BEFORE: Harry Freedman, Vice-Chairman, and Board Members L. C. Collins and R. McMurdo.
APPEARANCES: Eric del Junco for the applicant; Derek L. Rogers and George Thompson for Miracle Feeds, a division of Oglivie Mills Ltd., R. M. Parry and Paul Martin for Idealease (London) Ltd. and 571591 Ontario Inc.
DECISION OF HARRY FREEDMAN, VICE-CHAIRMAN, AND BOARD MEMBER R.
McMURDO; September 27, 1985
The applicant originally sought certification in respect of a bargaining unit of drivers nominally employed by the respondent 571591 Ontario Inc., hereinafter referred to as Custom, who operated vehicles owned by the respondent Idealease (London) Ltd., hereinafter referred to as Ideal. Those vehicles were leased to the respondent Miracle Feeds, and all of the work done by the drivers related to the transportation of Miracle Feeds' products. The applicant had submitted that Miracle Feeds was the actual employer of the employees in question, and in the alternative, that the respondents were carrying on related activities or businesses under common control or direction and that the Board should declare, under section 1(4) of the Labour Relations Act, that all of the respondents are one employer under the Act.
By a decision dated May 3, 1985, the Board certified the applicant for the employees of Custom since it had orally ruled at the conclusion of the applicant's argument at its hearing on April 30, 1985, that Custom was the employer of the employees in question. The Board then received the submissions of the parties with respect to the applicant's request for a declaration under section 1(4) of the Act and at the conclusion of argument, reserved its decision.
Miracle Feeds' business is the development, distribution and sale of livestock feed. Miracle Feeds is an operating division of Ogilvie Mills Limited which is a wholly owned subsidiary of John Labatt Limited. The livestock feed which it sells and distributes is the nutritious by-products of the food and beverage industry that it removes from distilleries, breweries, and food processing plants. Its business is time sensitive in that the removal of its suppliers' by-products must be carried out at certain points in time or else its suppliers' plants will be shut down. Its customers' demands for livestock feed, which can fluctuate a great deal, must also be satisfied on short notice. The by-product is taken from suppliers' storage tanks and is loaded into appropriate trucks depending on whether the by-product is wet or dry grain and is then delivered directly to Miracle Feeds' customers.
Prior to April 30, 1984, the transportation of Miracle Feeds' products was performed by Hedley Bennett Trucking Ltd.

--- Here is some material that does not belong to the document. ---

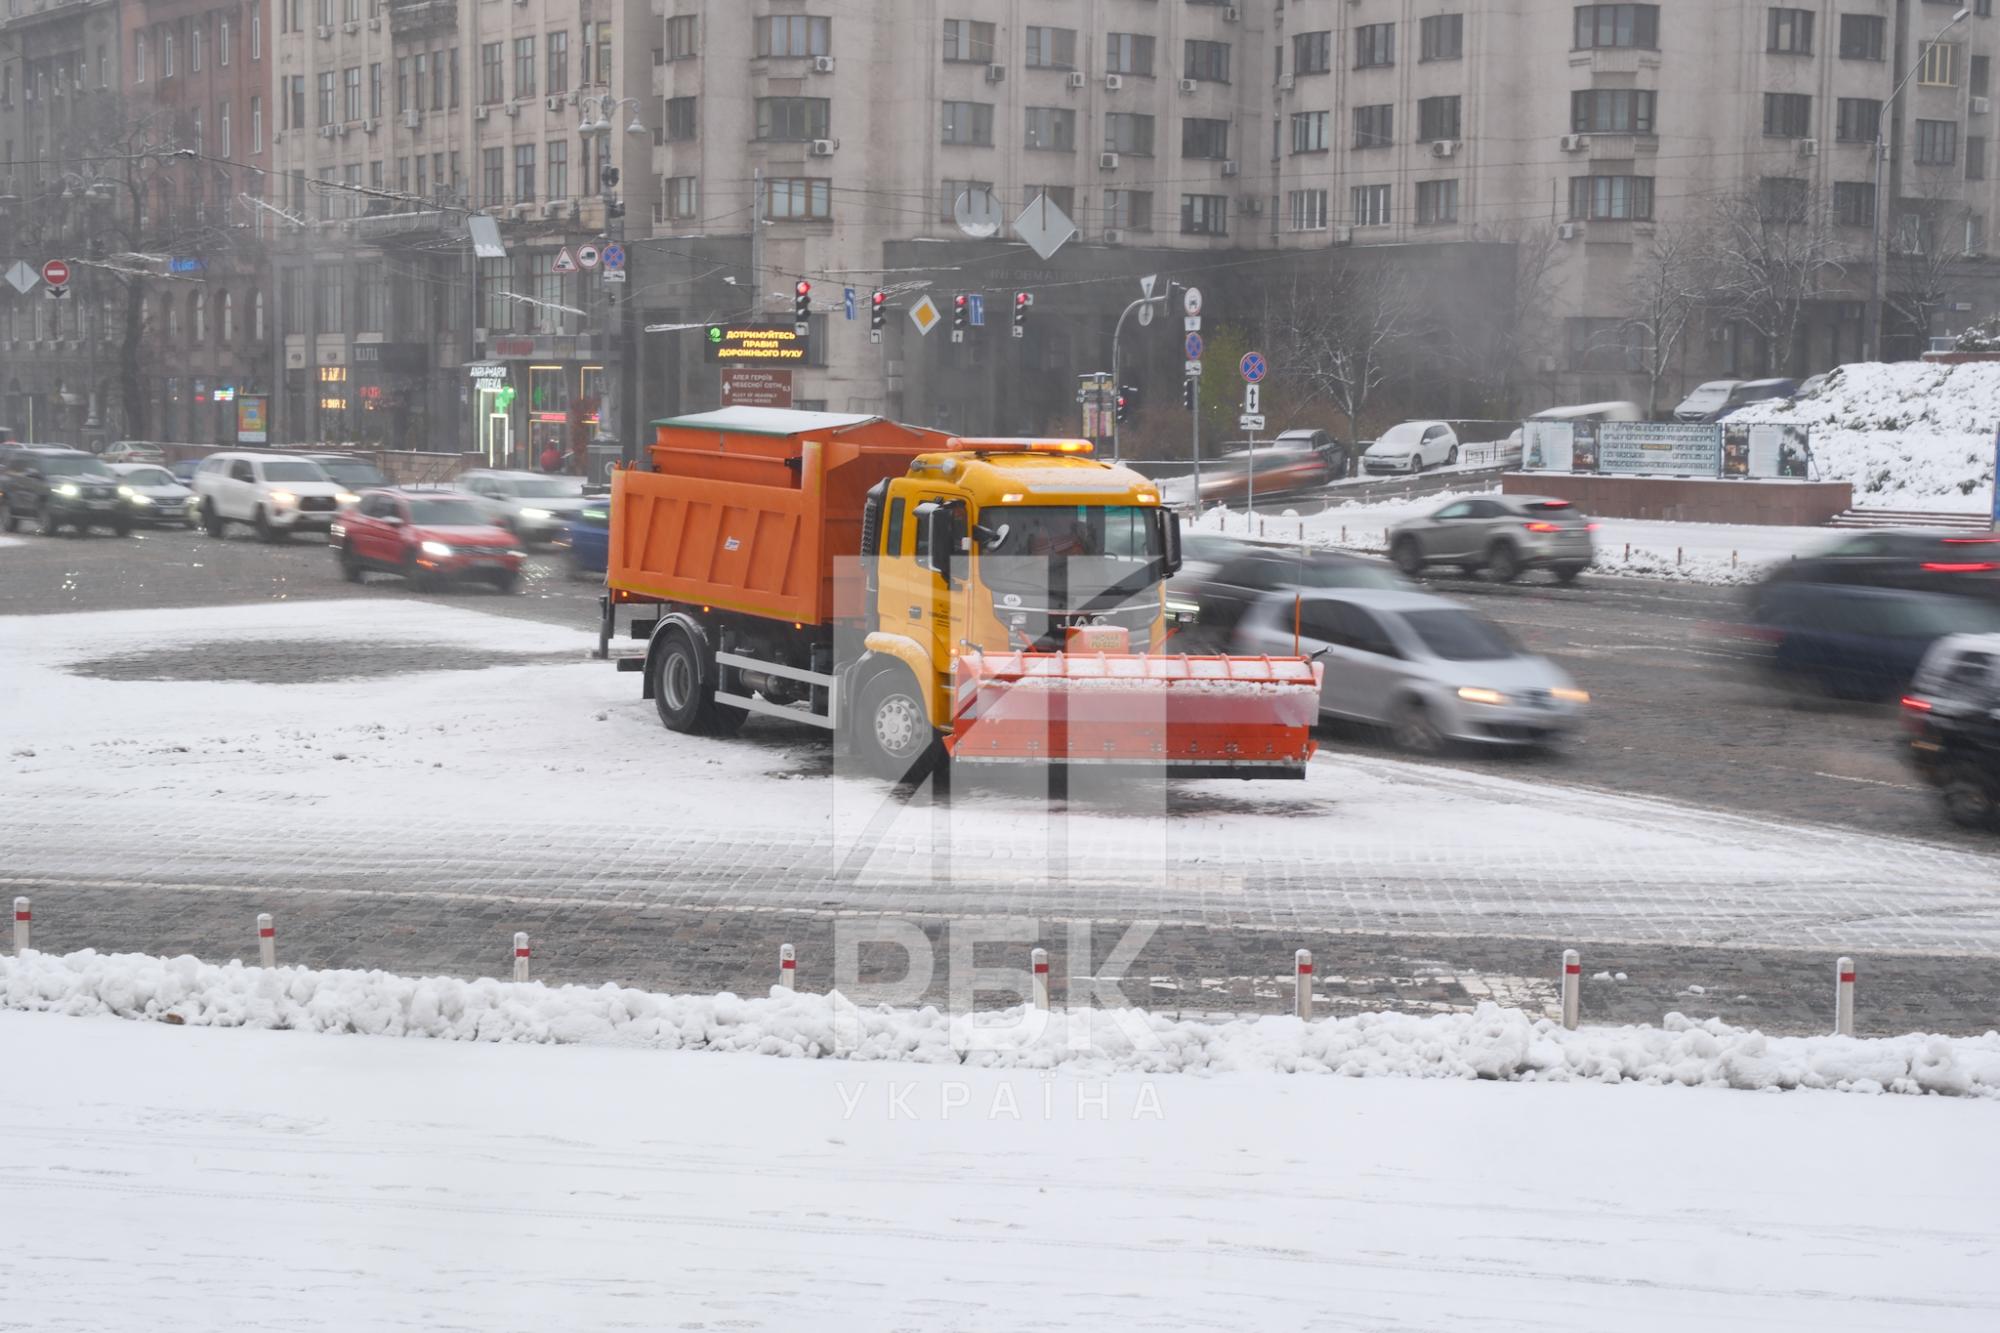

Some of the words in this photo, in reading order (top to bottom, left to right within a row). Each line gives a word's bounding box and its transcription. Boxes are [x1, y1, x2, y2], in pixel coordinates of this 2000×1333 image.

Hedley Bennett Trucking Ltd. employed the drivers who performed the work and owned most of the equipment used to transport Miracle Feeds' products. Those employees did not engage in collective bargaining with Hedley Bennett Trucking Ltd. It began working for Miracle Feeds in late 1971 until its arrangement with Miracle Feeds was terminated in April 1984.
The respondent Ideal was created on April 11, 1984, (originally as 571514 Ontario Inc.) to carry on the business of full maintenance leasing of heavy equipment. It became known as Ideal in July 1984. Its principals are also the principals of an International Harvester truck dealership in London, Ontario, Forest City International Trucks Limited. Ideal is a member of Idealease Inc. which is a corporation and an association whose members are International Harvester truck dealers and is an organization that enables its members to provide full maintenance leasing services to customers across Canada.
Custom was incorporated on April 26, 1984, approximately two weeks after 571514 Ontario Inc., was incorporated.
Paul Martin is the president of Ideal and is the Vice-President of Forest City International Trucks Limited. While he does not own shares of Custom, Custom was incorporated at his request and Mr. Martin has the effective day to day control of its affairs. It is clear that Custom and Ideal are under common control and direction.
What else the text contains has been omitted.